Functional elements of the encoded genome
Genomic DNA contains many different functional elements. Three broad functional classes are: (1) protein-coding genes, (2) non-coding RNA genes, and (3) regulatory sequences associated with transcription (The ENCODE Project Consortium, 2004). Annotation of these elements is critical to interpreting the information contained within the genome sequence and applying it to the study of equine biology.
Protein-coding genes are often the best-characterized functional elements in a genome. The first level of structural annotation is a gene’s location or genomic interval. Important features within this interval include the transcriptional start and stop sites, exon/intron boundaries, translational start and stop sites, conserved domain sequences, polyadenylation signals, and the 5′ and 3′ untranslated regions. Any change to these elements or their specific combination has the potential to alter the structure and function of the encoded gene product or expression characteristics. The gold standard for the annotation of protein-coding gene structure is the generation and alignment of full-length cDNA sequence (Brent, 2008). Alternatively, sequence homology and in silico sequence analyses can be used to accurately predict and annotate gene structures. After sequencing and assembly of the equine genome (Wade et al., 2009), these strategies were used with the Ensembl Automatic Gene Annotation System (Curwen et al., 2004) and NCBI Gnomon eukaryotic gene prediction tool (http://www.ncbi.nlm.nih.gov/genome/guide/gnomon.shtml) to predict equine gene structure. Both approaches are computational pipelines that rely on heuristic sequence alignment algorithms (BLAST) and ab initio gene modeling. The resulting predicted gene sets represented an important development in horse genomics, describing for the first time the “whole” set of equine protein-coding genes. At the time of these analyses, however, there were very limited equine expressed sequence data available in public databases to facilitate gene structure predictions (only 35,702 ESTs and 1,236 mRNA transcripts, UCSC Genome Browser). As a result, a substantial majority of the predictions (20,436 genes from Ensembl; 17,610 genes from NCBI) were based on the projection of gene structure from other mammalian species. Most recently, messenger RNA sequencing (RNA-seq) experiments have expanded available equine transcriptome data several hundred fold and enabled many refinements to the in silico predictions (Coleman et al., 2010b). Revised consensus models of equine protein-coding gene structure have been generated from these efforts (http://macleod.uky.edu/equinebrowser/) and will continue to improve.

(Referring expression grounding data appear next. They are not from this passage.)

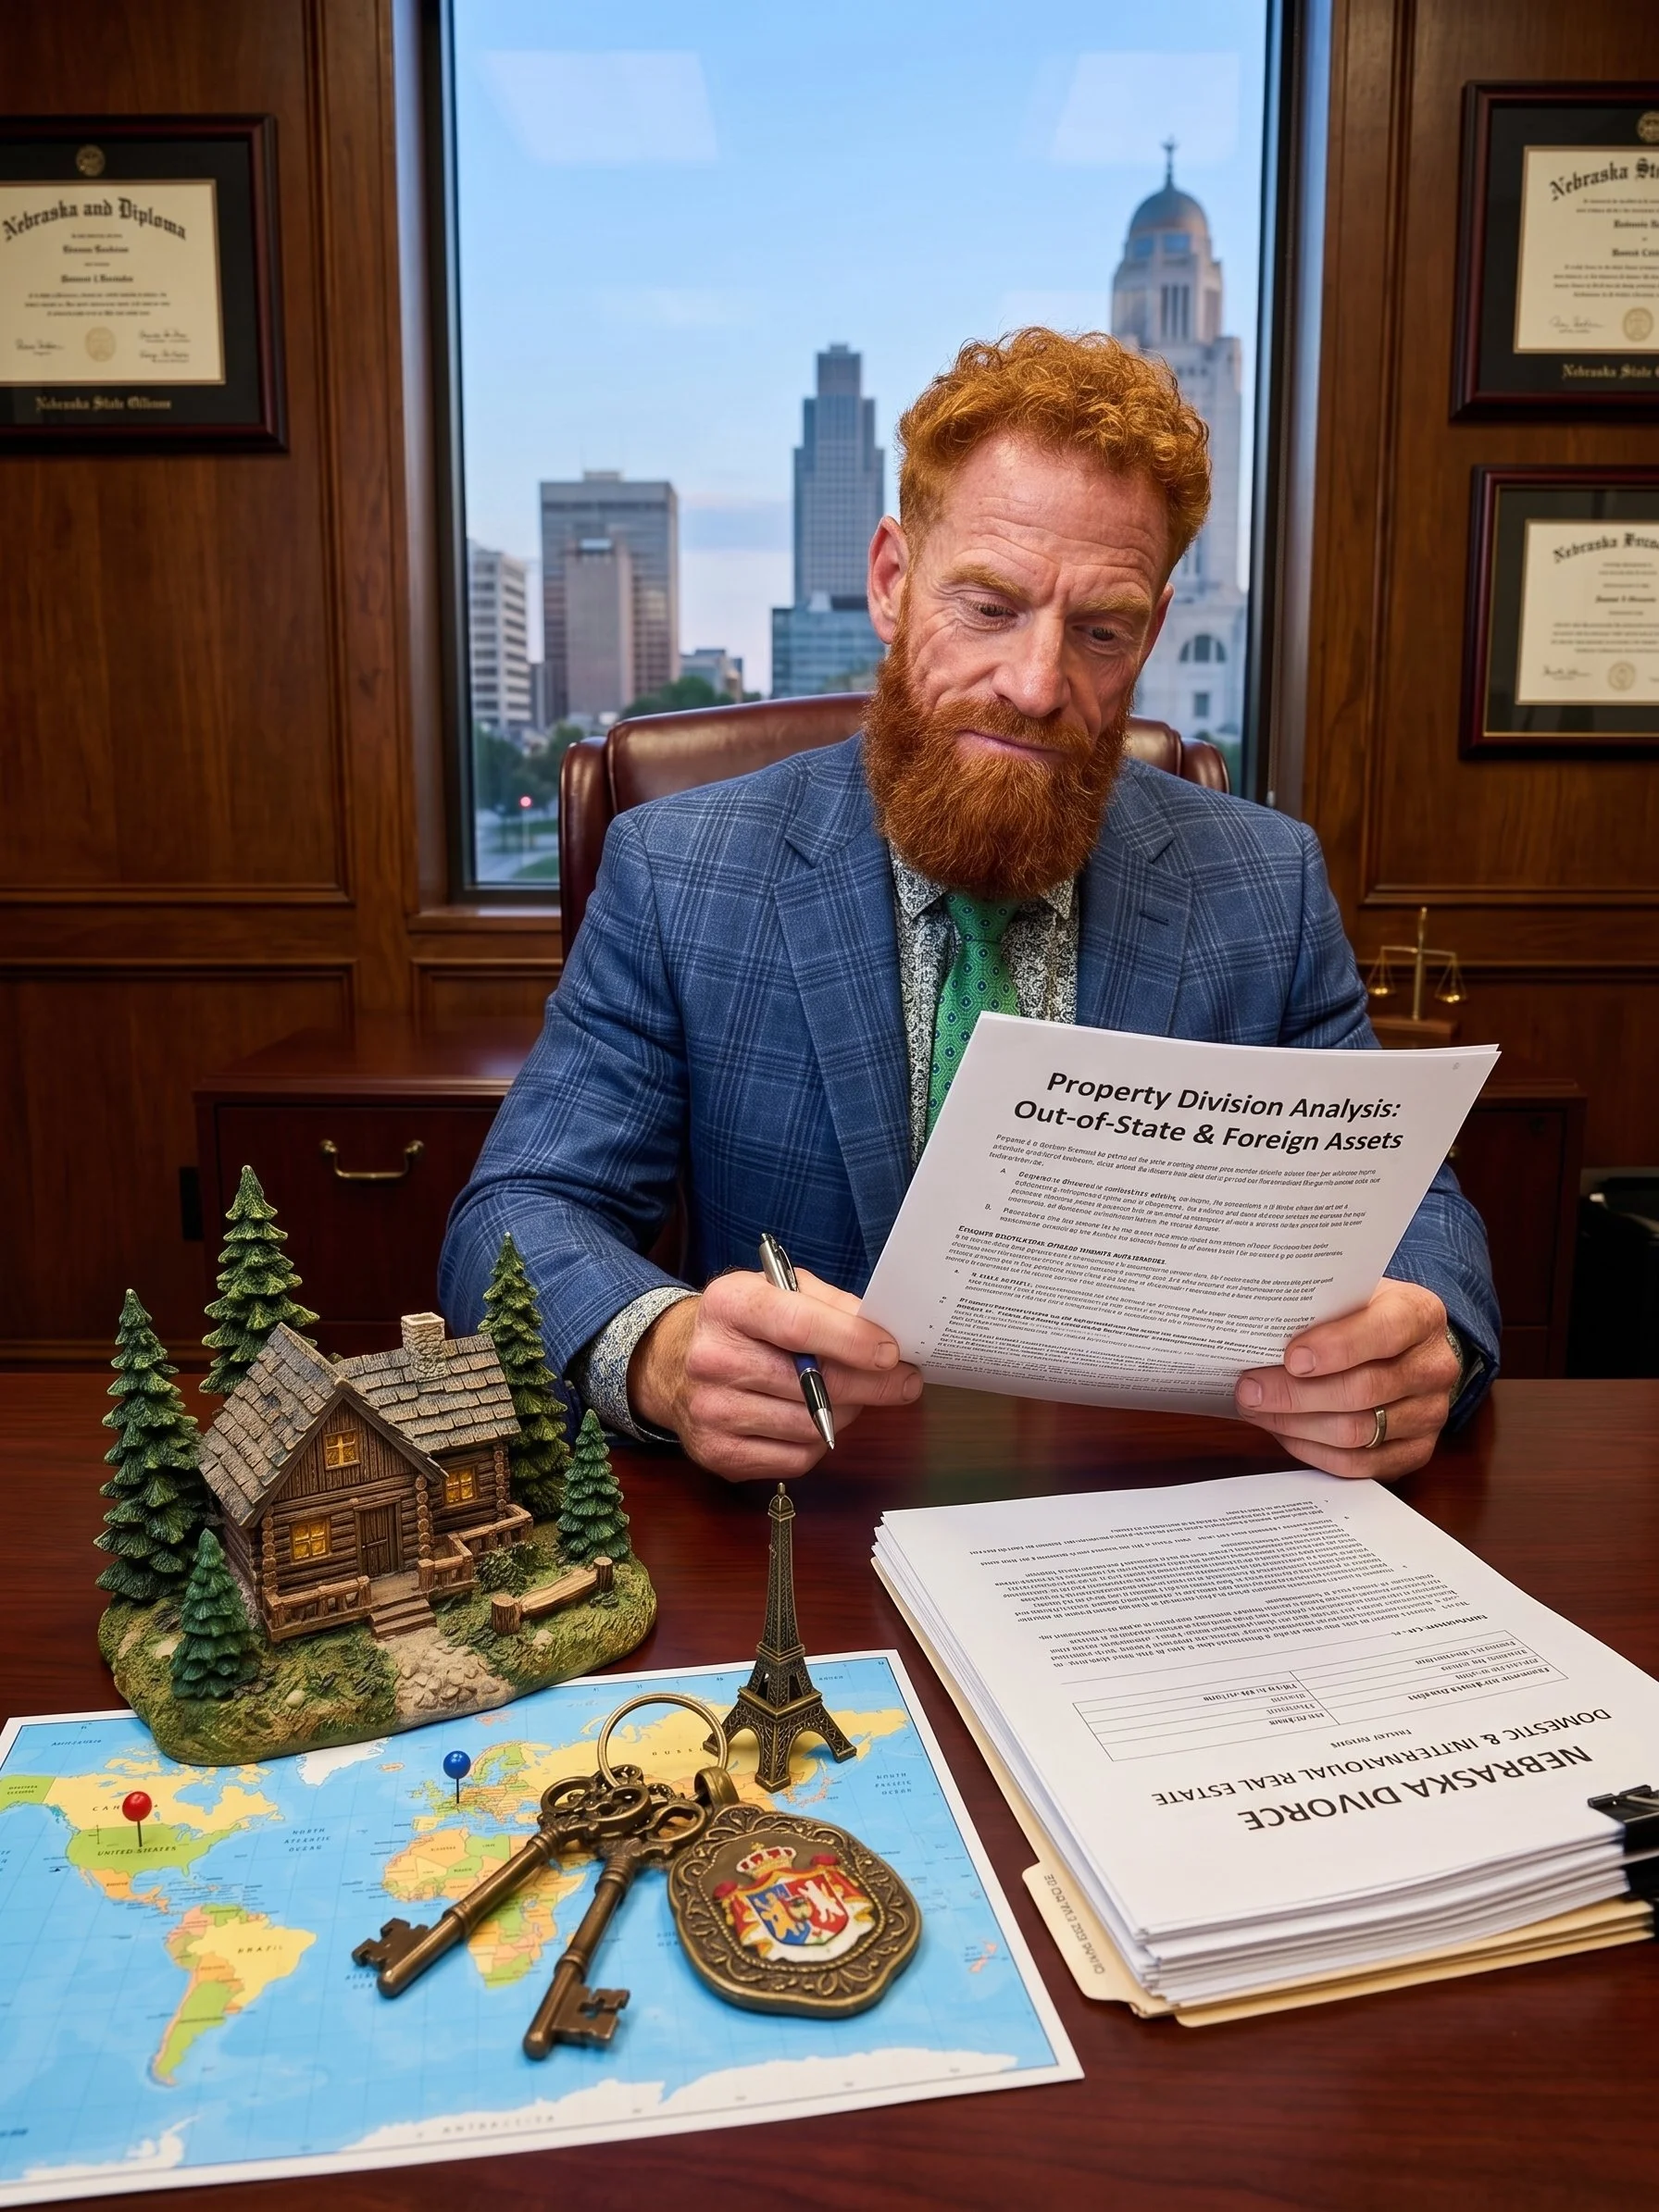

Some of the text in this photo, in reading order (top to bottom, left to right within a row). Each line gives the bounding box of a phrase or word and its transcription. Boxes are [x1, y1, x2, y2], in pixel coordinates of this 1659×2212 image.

[1550, 160, 1628, 203] Nebraska
[2, 196, 187, 242] Nebraska and Diploma
[1047, 1072, 1402, 1124] Property Division Analysis:
[1014, 1100, 1403, 1154] Out-of-State & Foreign Assets
[1479, 1734, 1501, 1746] &
[1502, 1709, 1613, 1741] DOMESTIC
[1151, 1782, 1237, 1806] ESTATE
[1237, 1746, 1593, 1831] NEBRASKA DIVORCE
[1238, 1771, 1297, 1791] REAL
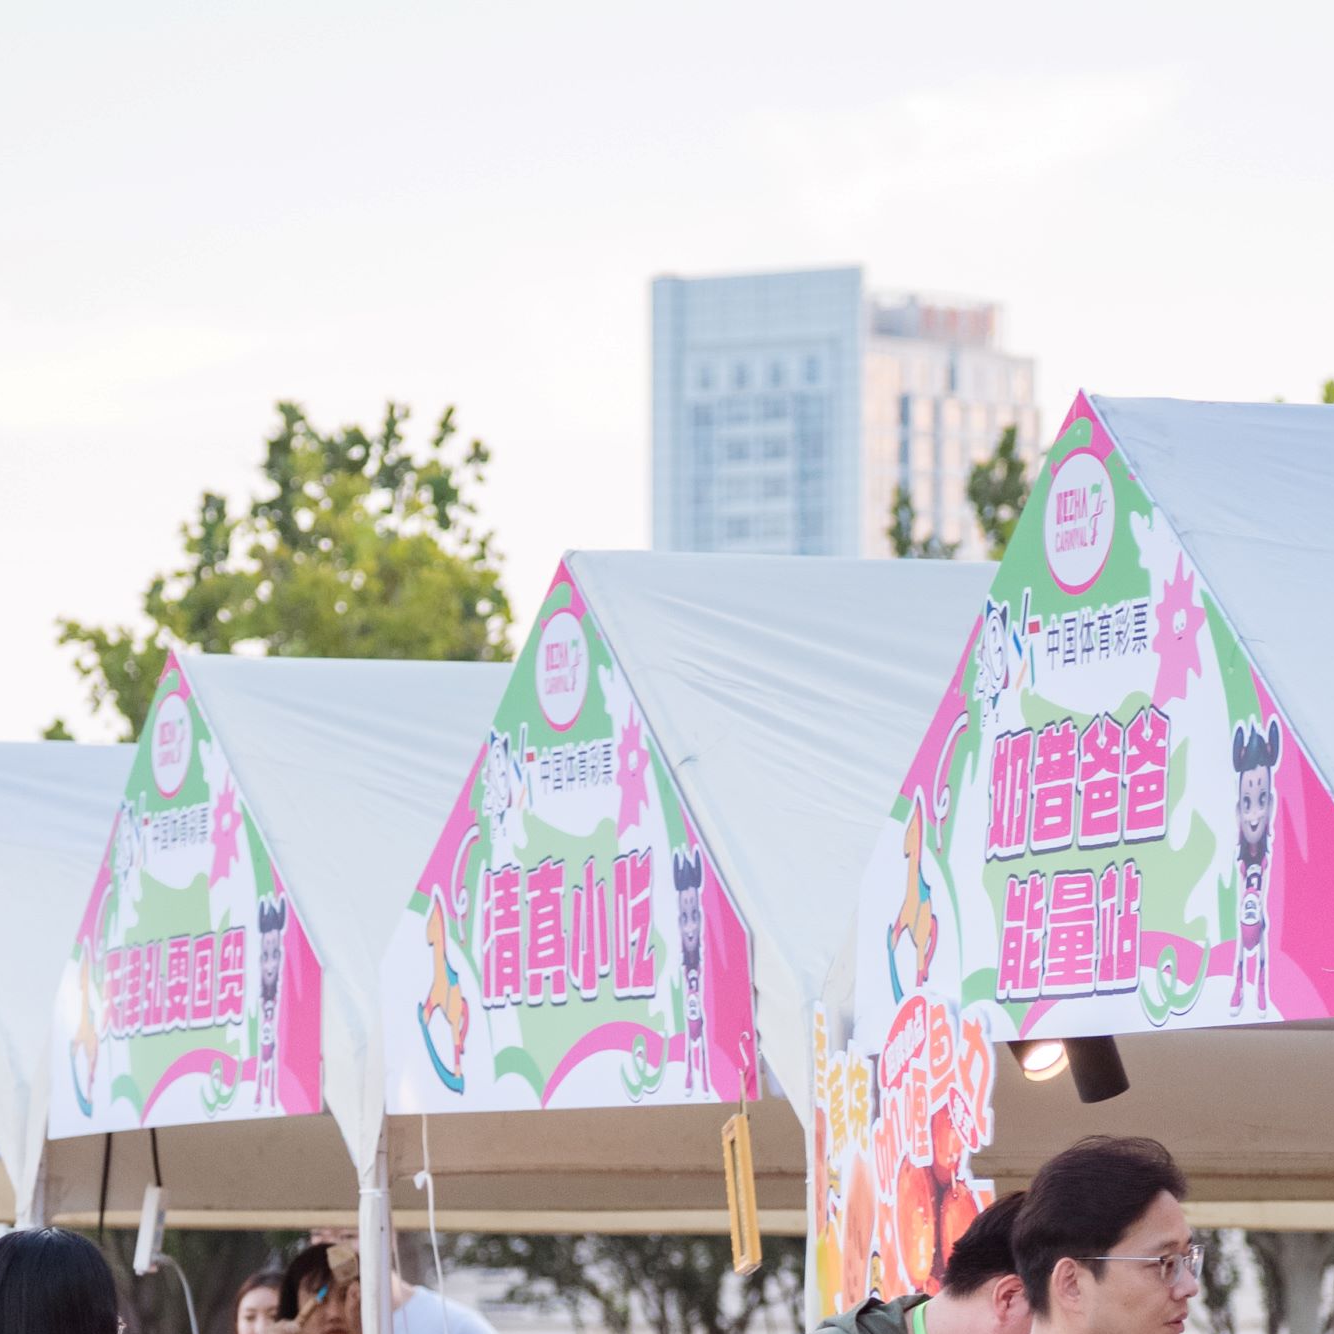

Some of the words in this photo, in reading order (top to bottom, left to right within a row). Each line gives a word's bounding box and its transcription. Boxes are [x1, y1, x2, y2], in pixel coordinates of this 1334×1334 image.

[1046, 600, 1149, 671] 中国体育彩票
[988, 709, 1169, 859] 奶昔爸爸
[484, 852, 655, 1005] 清真小吃
[998, 861, 1141, 1001] 能量站

Protein-coding genes account for only a small portion of the entire equine genome sequence (1–2%). Recent findings suggest that a majority of the remaining genome may also be transcribed into a diverse population of different RNA species. These RNAs are collectively referred to as non-coding (i.e., do not encode a protein), though they clearly have a number of important functions. Several of the non-coding RNA types are well known (rRNA, tRNA, snoRNA, and miRNA), with functions that include involvement in the translation of messenger RNA into protein. However, the population of identified non-coding RNAs has grown substantially in recent years to comprise more than 30 different classes of transcripts. Most are believed to have regulatory functions, though their specific roles remain an area of very active investigation. Annotation of these elements will be required for a full understanding of transcriptional and translational dynamics and how information stored in the genome is accessed, regulated, and functionally important. Commonly used approaches for locating and annotating non-coding transcripts include the alignment of experimentally derived sequence, either from a tiling microarray or direct sequencing method, and computational sequence analysis to identify conserved sequence motifs associated with a specific class of non-coding RNA (Adelson & Raison, 2010). In the horse, Zhou et al. (2009) used a predictive and comparative approach to identify more than 400 novel equine microRNAs.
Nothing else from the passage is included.